Si l’on aborde l’aspect littéraire de ce répertoire moins « savant », les sujets sont souvent plus domestiques, l’amour peut y être maudit, la condition du berger n’est pas vraiment idyllique ; les auteurs étant inévitablement très divers, tout cela paraît moins convenu.

Une autre caractéristique du style de Roland, c’est son goût pour les solos aux grandes envolées lyriques, aux vocalises acrobatiques. Tous les chanteurs ne peuvent aborder ces airs difficiles, et ceux qui les maîtrisent acquièrent un prestige particulier qui rabaisse au rang de vulgaire chansonnette et « roundadère » les chants plus simples du répertoire populaire.

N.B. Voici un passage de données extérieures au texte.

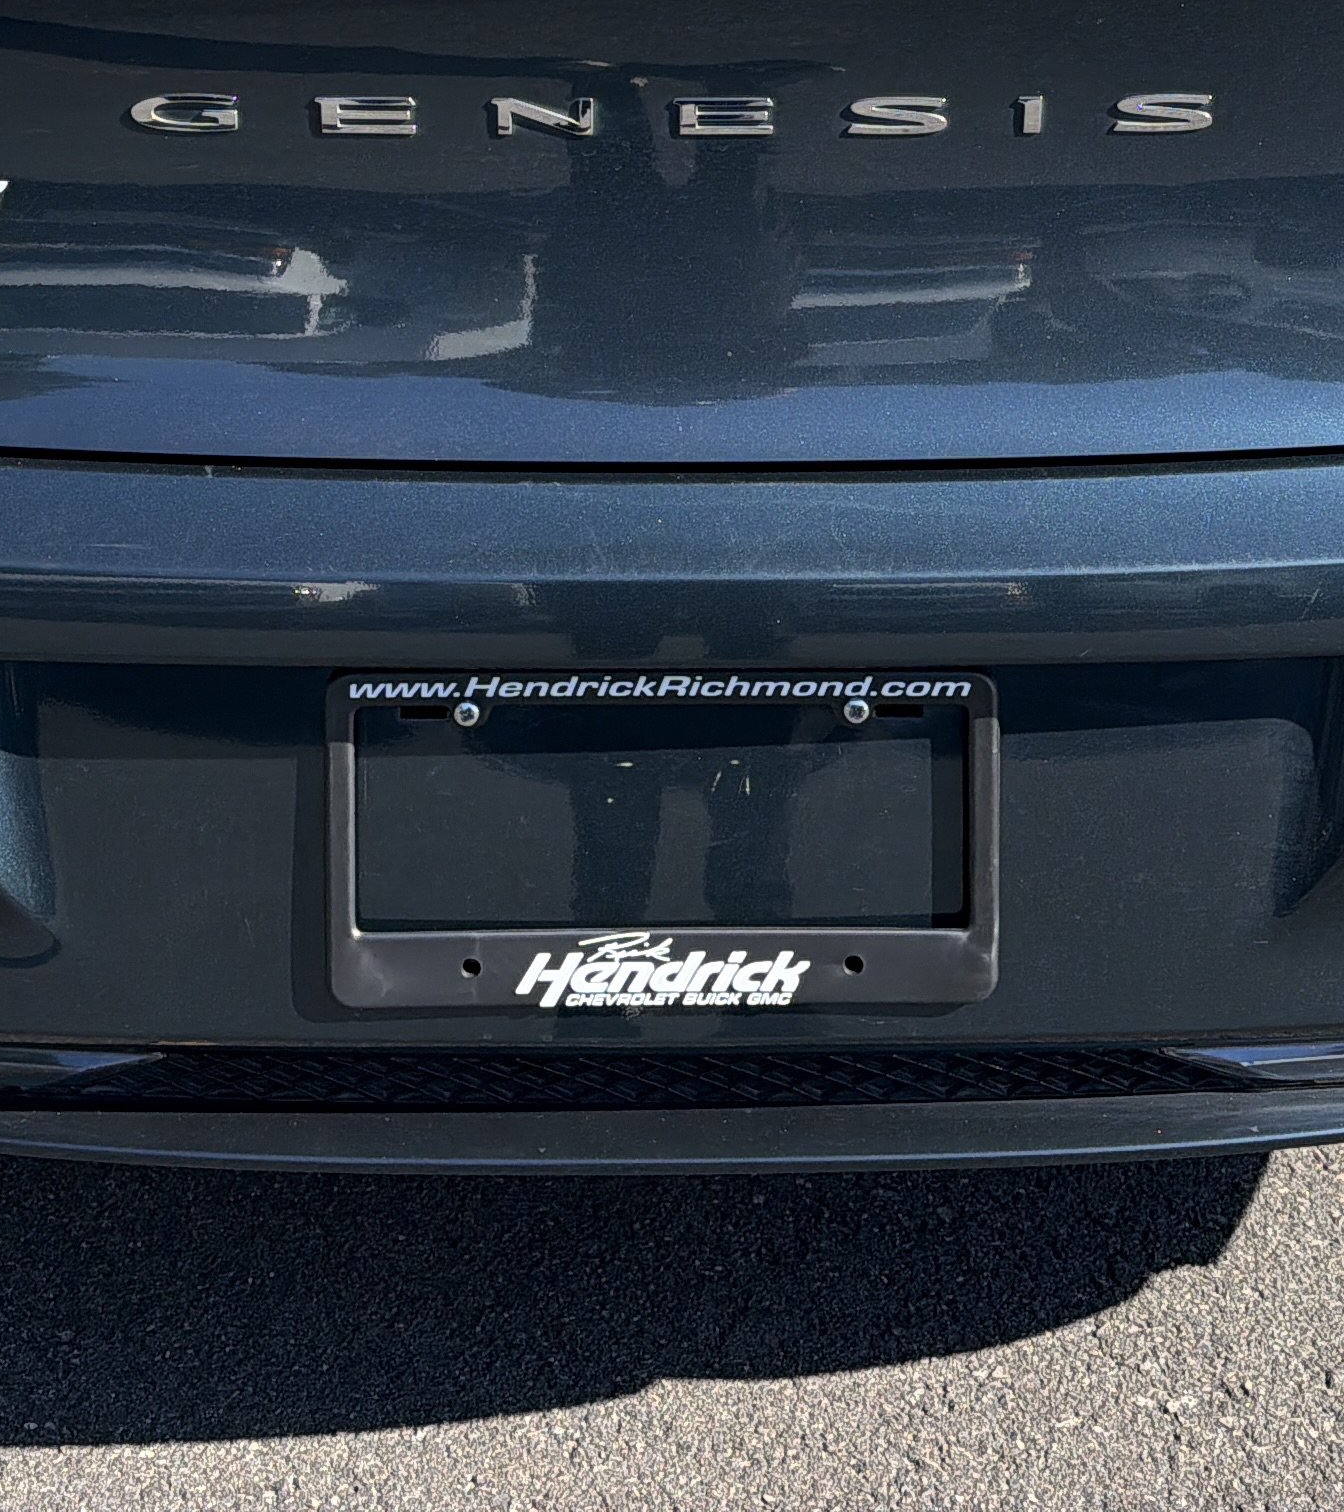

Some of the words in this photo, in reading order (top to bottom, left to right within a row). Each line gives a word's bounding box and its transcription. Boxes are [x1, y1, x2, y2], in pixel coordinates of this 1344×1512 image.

Enfin l’univers harmonique de « l’Orphéon » se rallie à la tonalité, alors que bon nombre de chants populaires utilisent une échelle modale. Sur le plan mélodique les lignes se simplifient. Les subtiles « laulhères » (mélismes ou ornements divers) du chanteur isolé, sont impossibles à reproduire par ensemble nombreux. Les effets de dynamique qu’ils produisent sont remplacés par des effets de masse.

Cette description de la tradition en Bigorre est sans doute très partielle. Elle est un simple témoignage de ce que l’on peut observer au contact des Chanteurs Montagnards de Lourdes, et n’a pas d’autre prétention.

Disons, pour terminer, qu’elle est avant tout un lieu de vie, de fraternité avec tous les affrontements que cela suppose, une école de liberté ou chacun a la possibilité de se réaliser, d’imposer son chant, son style, car qui peut juger ce qu’est le véritable chant bigourdan, si ce n’est le chanteur bigourdan qui chante ce qu’il veut et comme il l’entend ! Sauf parfois à subir les ronchonnements d’un ancien, ou les critiques d’un puriste (capable de s’enliser dans des digressions interminables pour tenter de régler un différent sur la prononciation d’une syllabe), ou le rejet d’un partisan endurci de l’autarcie qui ne tolère que ce qu’on ne chante «que chez nous » et « depuis la nuit des temps » ! (mais par manque de chance et de culture aussi, notre cher gardien de la tradition est parfois pris au piège. Qu’un air « bien de chez nous » ressemble par trop à une rengaine parisienne oubliée, c’en est trop pour son orgueil. Chanter la tradition, c’est parfois simplement avoir quelques tubes de retard !)

Et vive le chant !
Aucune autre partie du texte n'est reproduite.